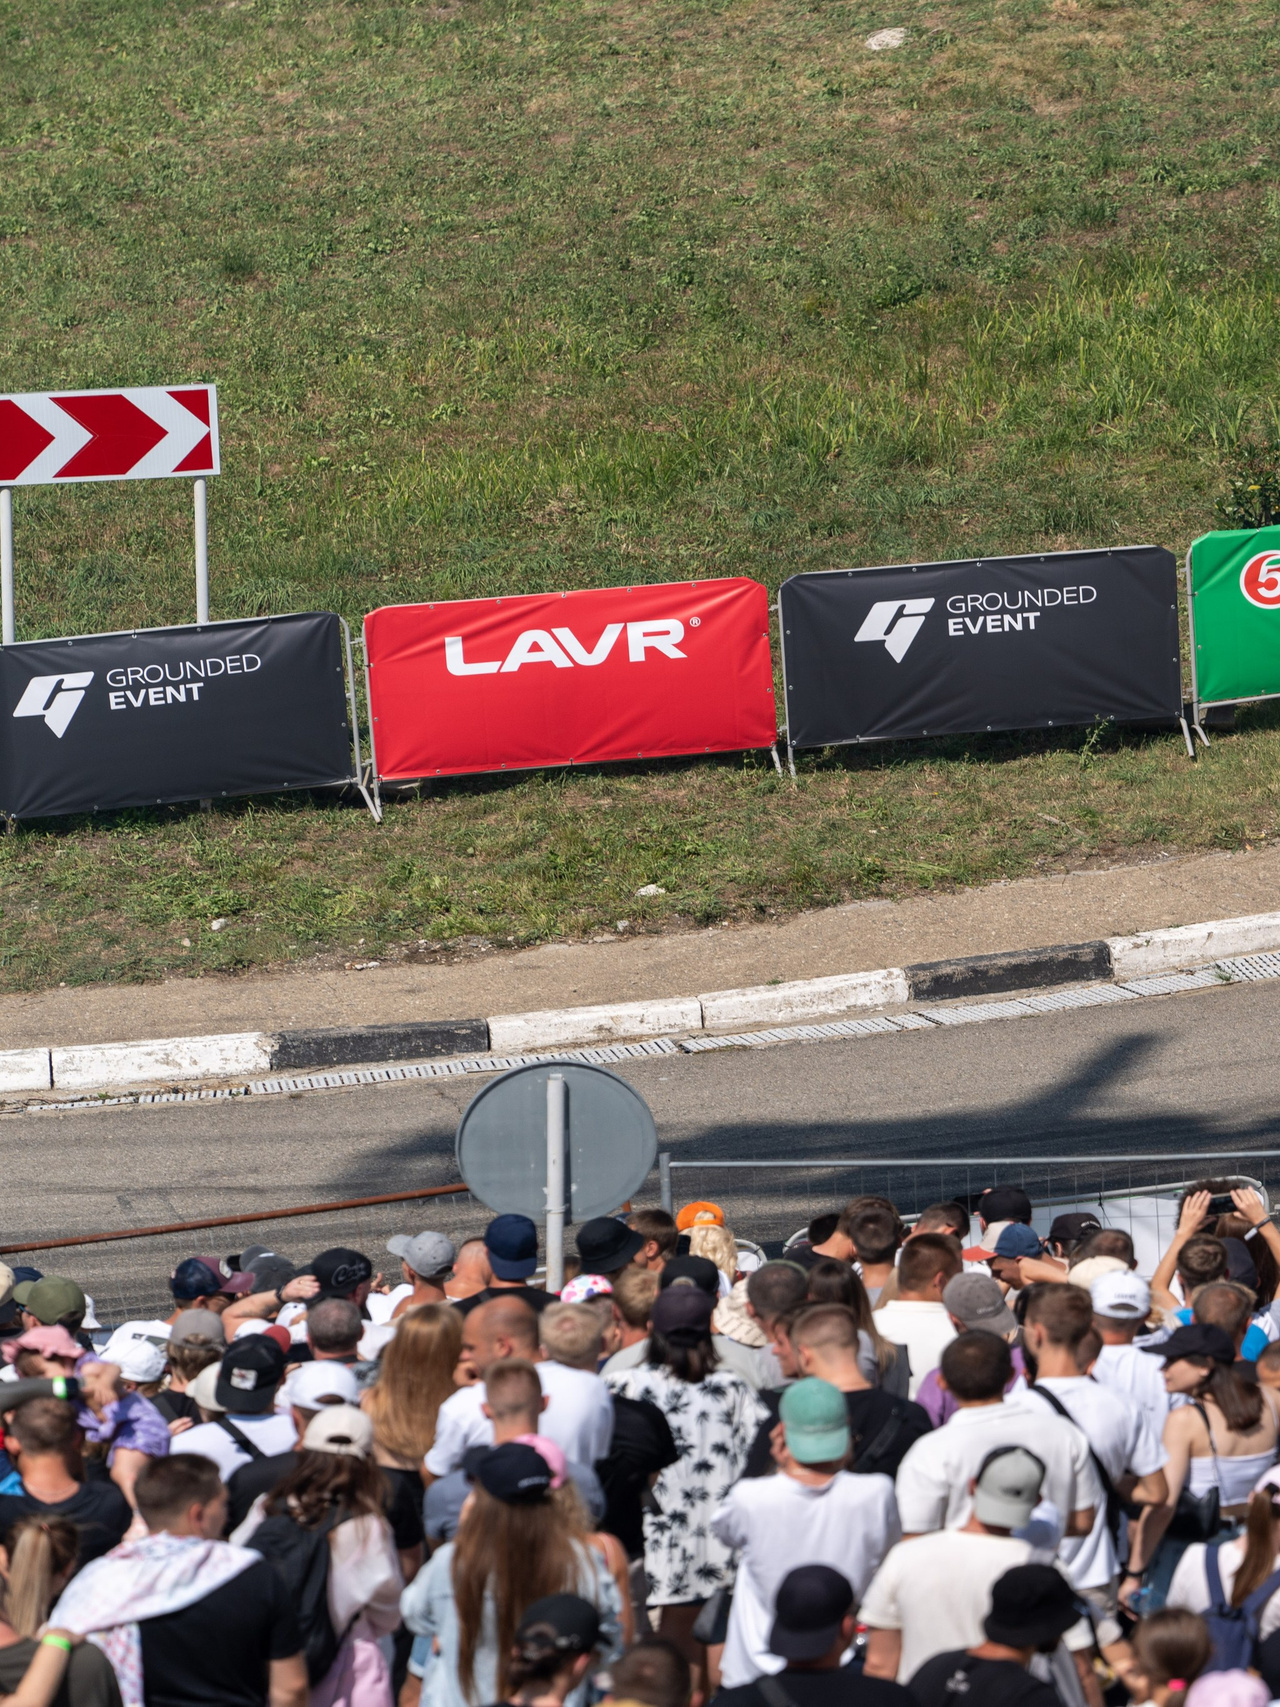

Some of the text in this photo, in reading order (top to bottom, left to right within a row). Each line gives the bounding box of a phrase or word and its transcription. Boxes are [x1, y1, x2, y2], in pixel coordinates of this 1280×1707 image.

[946, 585, 1097, 614] GROUNDED
[948, 611, 1041, 637] EVENT
[106, 653, 262, 688] GROUNDED
[109, 682, 204, 711] EVENT

▶ [Task description]:
Reproduce all of the entries above word for word, but leave out their pictures.

▶ [Answer to this task]:
Some of the text in this photo, in reading order (top to bottom, left to right within a row). Each line gives the bounding box of a phrase or word and its transcription. Boxes are [x1, y1, x2, y2], in pixel coordinates of this 1280×1707 image.

[946, 585, 1097, 614] GROUNDED
[948, 611, 1041, 637] EVENT
[106, 653, 262, 688] GROUNDED
[109, 682, 204, 711] EVENT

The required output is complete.